▶ _Exercise details_: Transcribe exactly the line containing "this 1287×999 image." and the remaining lines of the listing below, through the very last.

▶ _Available records_:
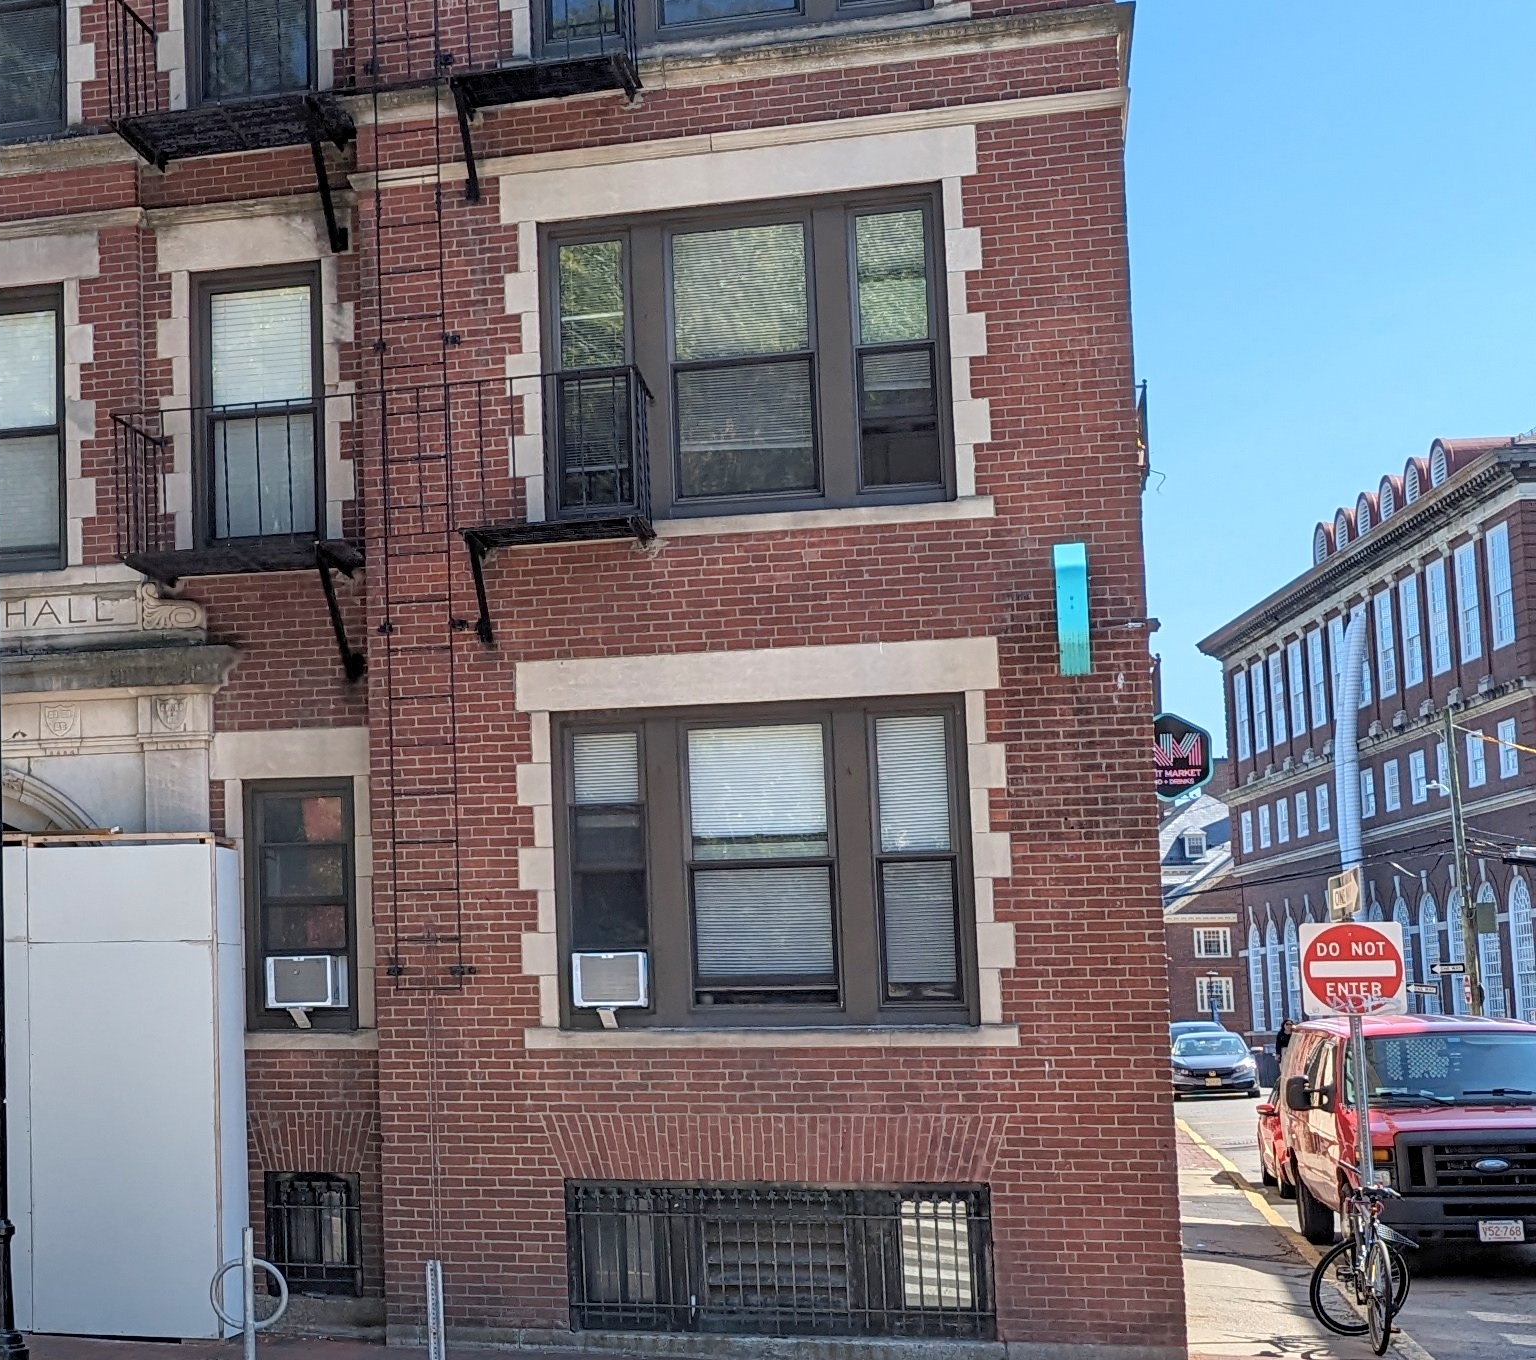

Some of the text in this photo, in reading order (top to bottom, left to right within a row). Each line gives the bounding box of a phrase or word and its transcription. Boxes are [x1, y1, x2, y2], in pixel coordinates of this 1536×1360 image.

[5, 595, 115, 628] HALL
[1165, 769, 1202, 777] MARKET
[1316, 941, 1385, 956] DO NOT
[1326, 982, 1383, 996] ENTER
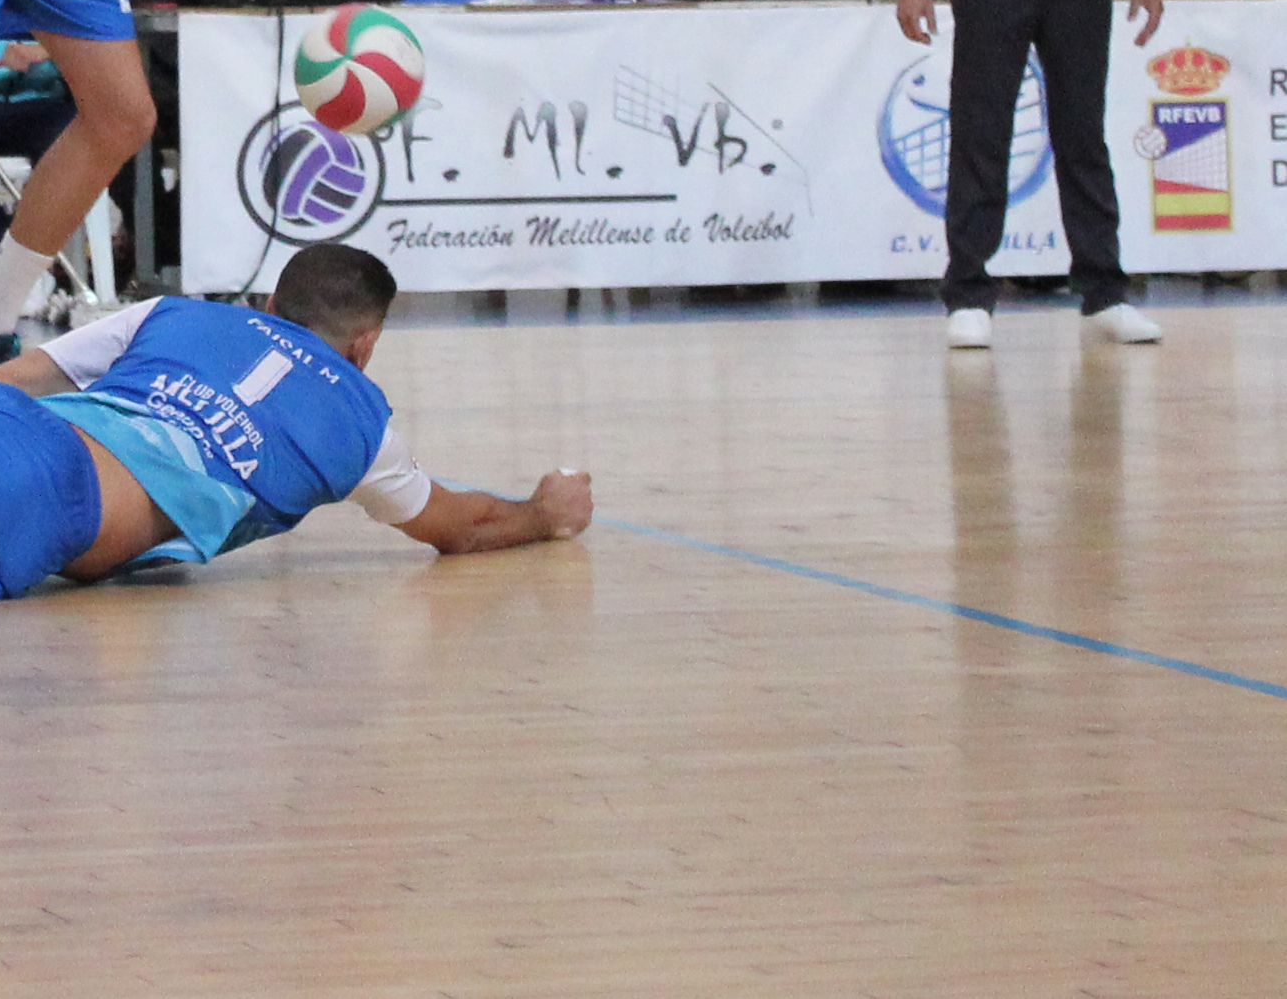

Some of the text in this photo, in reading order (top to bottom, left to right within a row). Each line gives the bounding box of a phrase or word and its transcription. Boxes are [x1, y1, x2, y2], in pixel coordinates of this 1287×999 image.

[1158, 106, 1222, 124] RFEVB
[386, 212, 796, 255] Federación Melillense de Voleibol
[1002, 229, 1059, 253] ILLA
[230, 345, 295, 407] 1
[178, 373, 265, 452] CLUB VOLEIBOL

▶ _Exercise solution_:
Some of the text in this photo, in reading order (top to bottom, left to right within a row). Each line gives the bounding box of a phrase or word and its transcription. Boxes are [x1, y1, x2, y2], in pixel coordinates of this 1287×999 image.

[1158, 106, 1222, 124] RFEVB
[386, 212, 796, 255] Federación Melillense de Voleibol
[1002, 229, 1059, 253] ILLA
[230, 345, 295, 407] 1
[178, 373, 265, 452] CLUB VOLEIBOL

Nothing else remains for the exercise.